Exercise aim
Below is a set of records, and all of them should be retyped exactly, minus the pictures.

Data excerpts
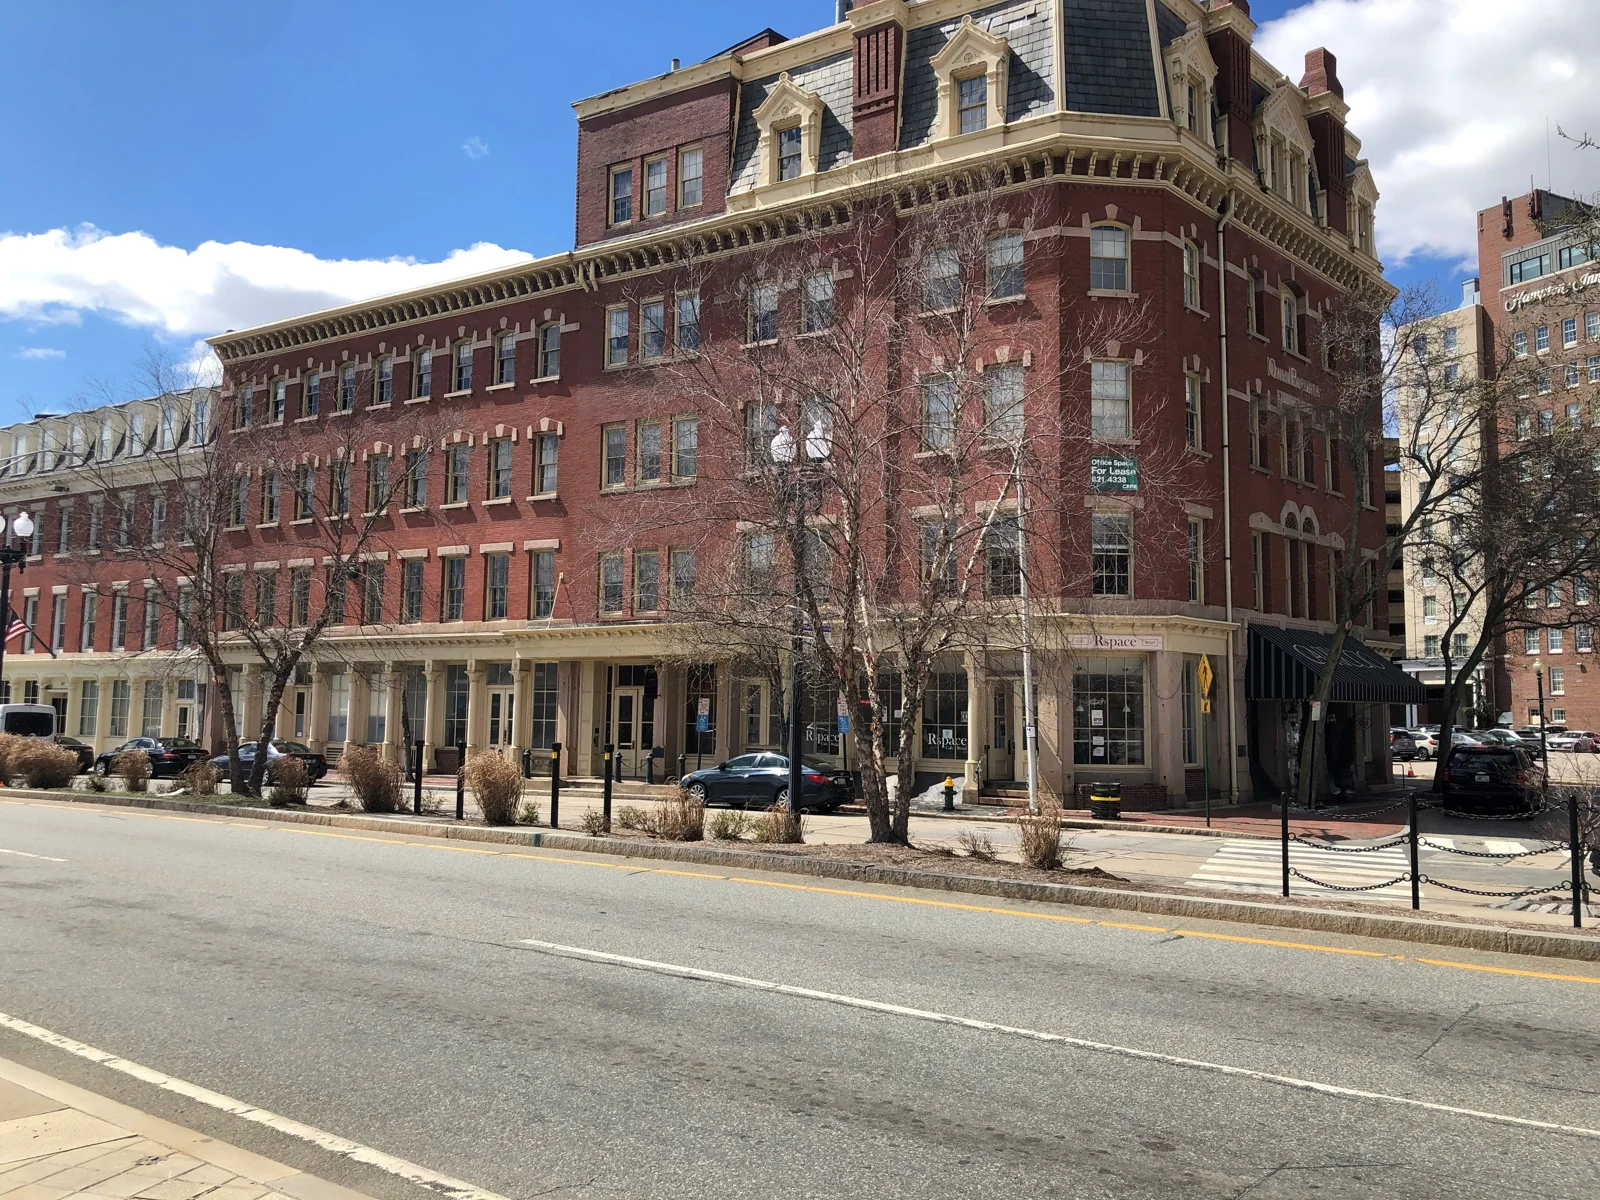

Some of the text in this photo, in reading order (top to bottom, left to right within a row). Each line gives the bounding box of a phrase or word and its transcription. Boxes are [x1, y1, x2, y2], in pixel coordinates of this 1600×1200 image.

[1505, 283, 1569, 312] Hampton
[1091, 466, 1136, 475] For Lease
[1095, 635, 1137, 649] Rspace
[805, 730, 840, 744] Rpace
[927, 732, 968, 748] Rspace
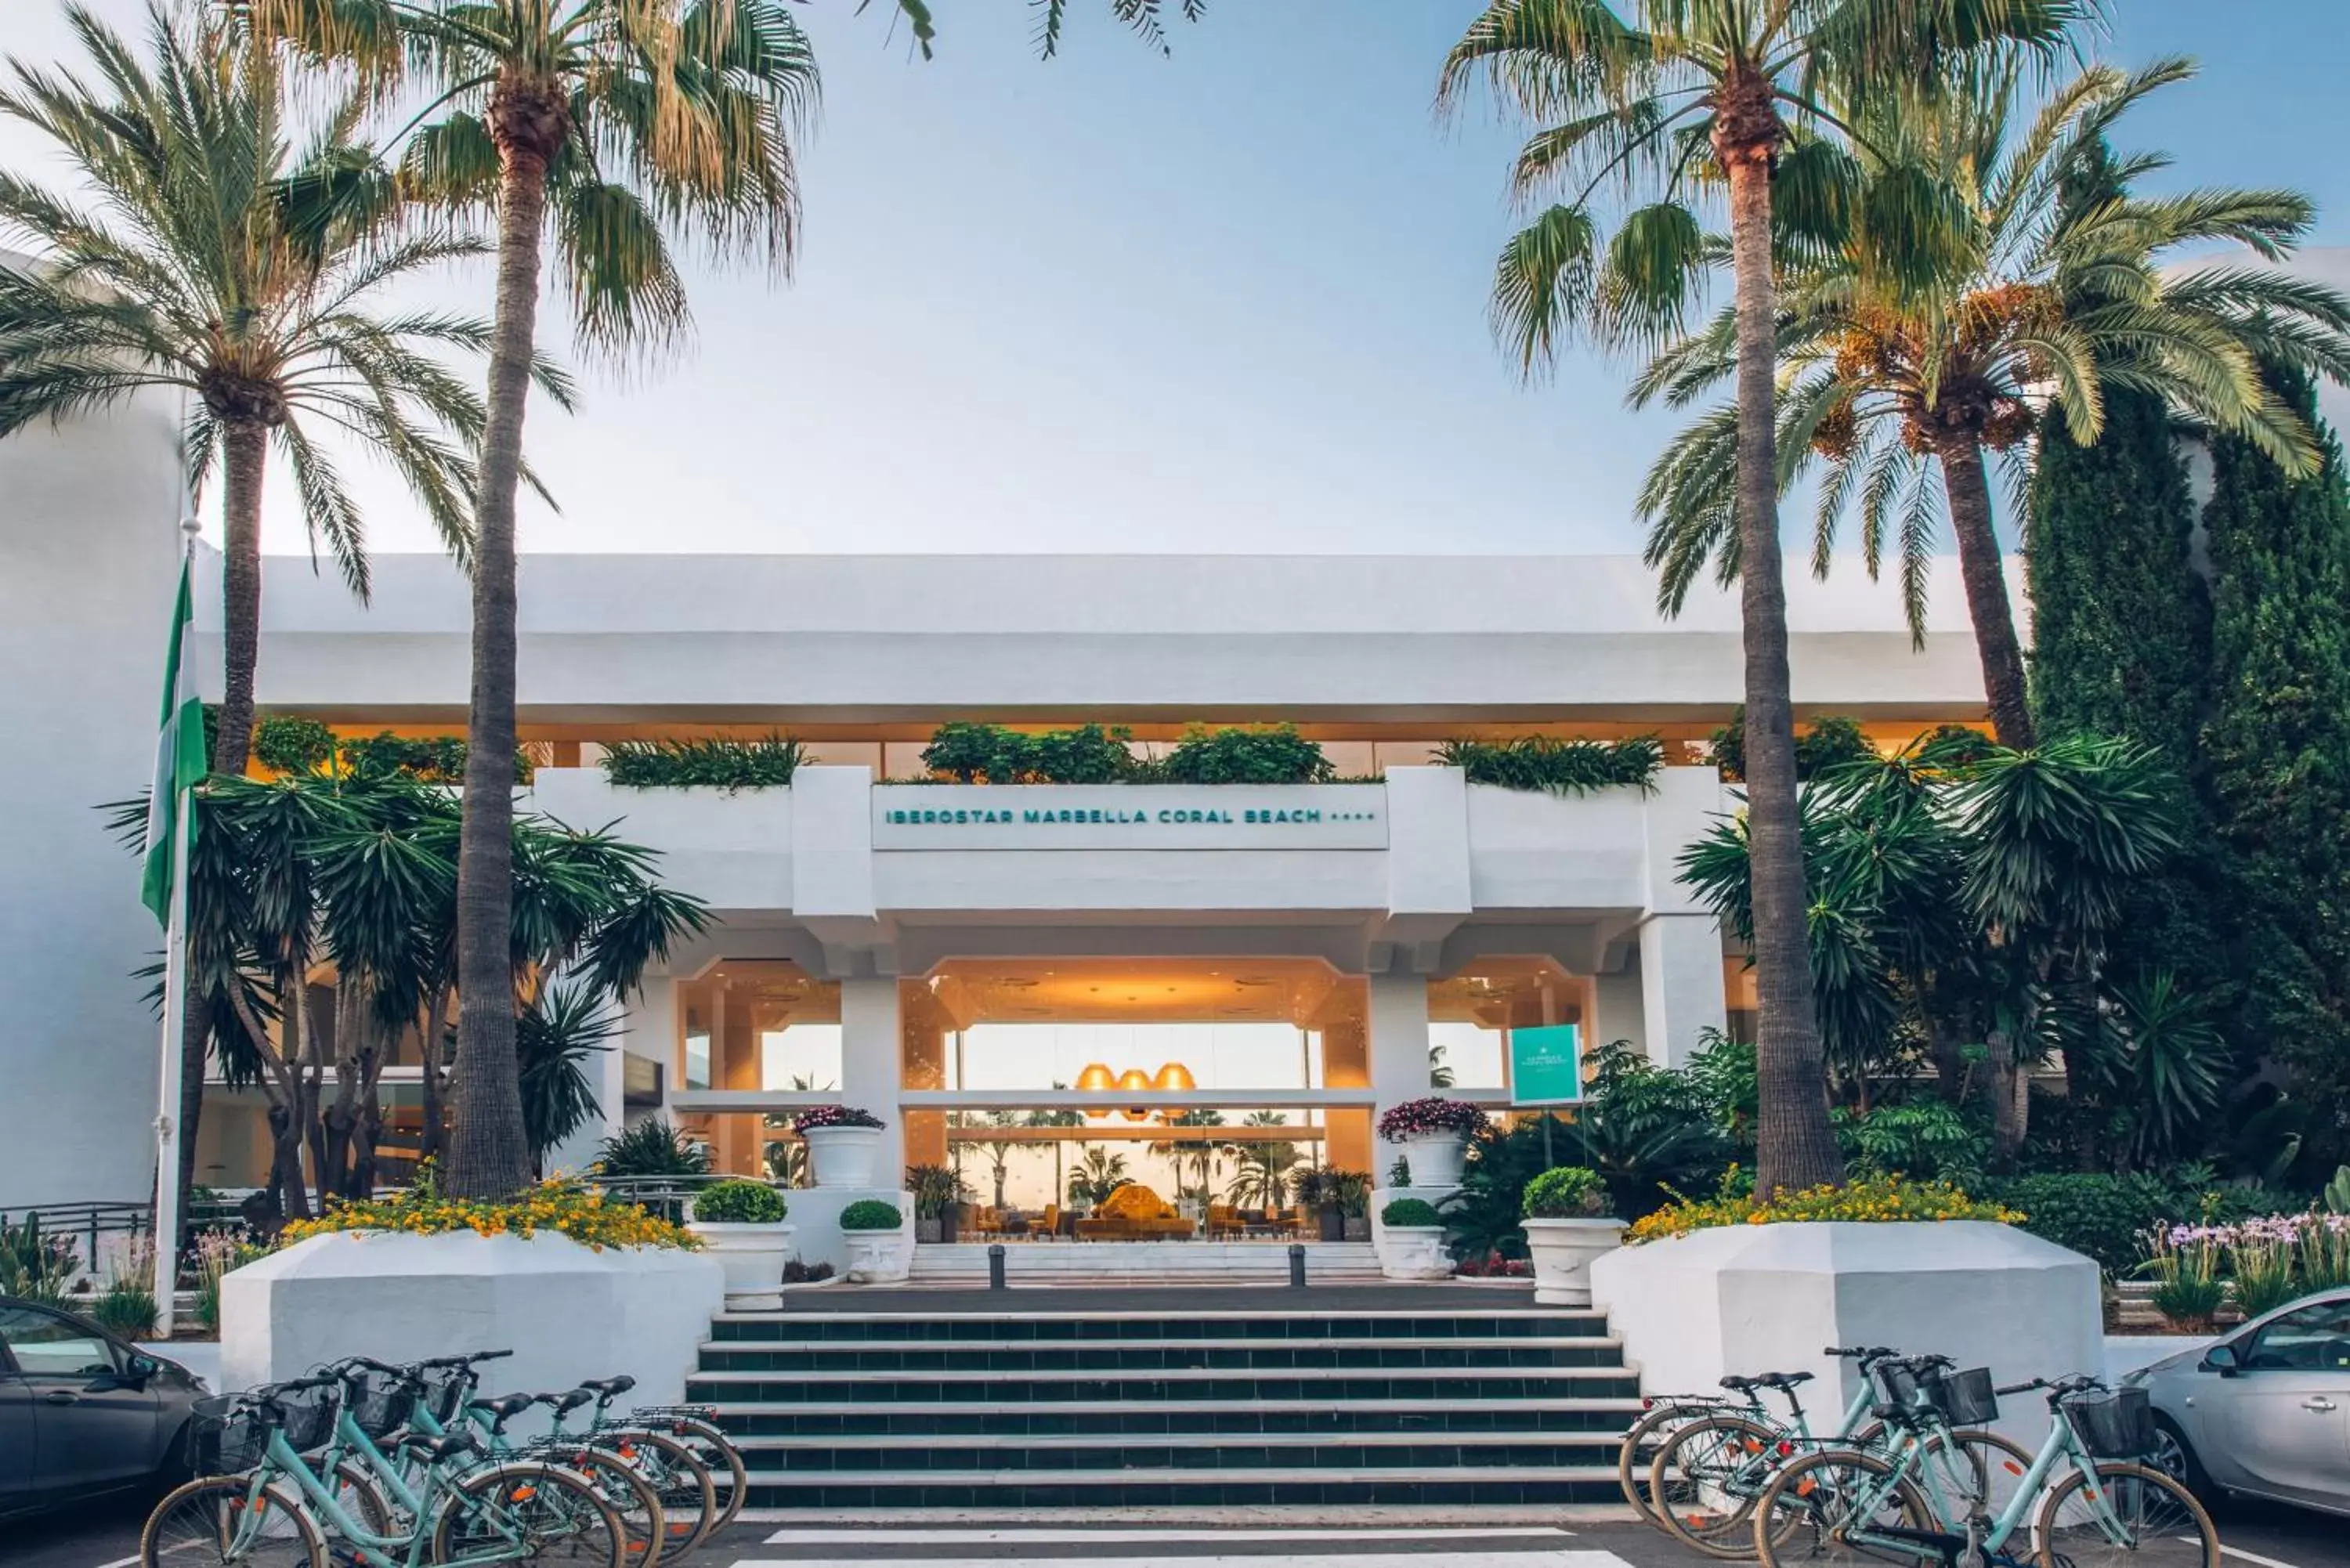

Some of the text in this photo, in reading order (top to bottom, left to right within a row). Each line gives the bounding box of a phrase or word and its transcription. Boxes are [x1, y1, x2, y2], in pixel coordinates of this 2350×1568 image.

Response for this exercise
Some of the text in this photo, in reading order (top to bottom, left to right within a row). Each line gives the bounding box of a phrase or word and its transcription. Boxes are [x1, y1, x2, y2], in pixel coordinates of this 1600×1200 image.

[1505, 283, 1569, 312] Hampton
[1091, 466, 1136, 475] For Lease
[1095, 635, 1137, 649] Rspace
[805, 730, 840, 744] Rpace
[927, 732, 968, 748] Rspace

Some of the text in this photo, in reading order (top to bottom, left to right within a row). Each line gives the bounding box of a phrase or word and its transcription. Boxes are [x1, y1, x2, y2], in pixel coordinates of this 2350×1568 image.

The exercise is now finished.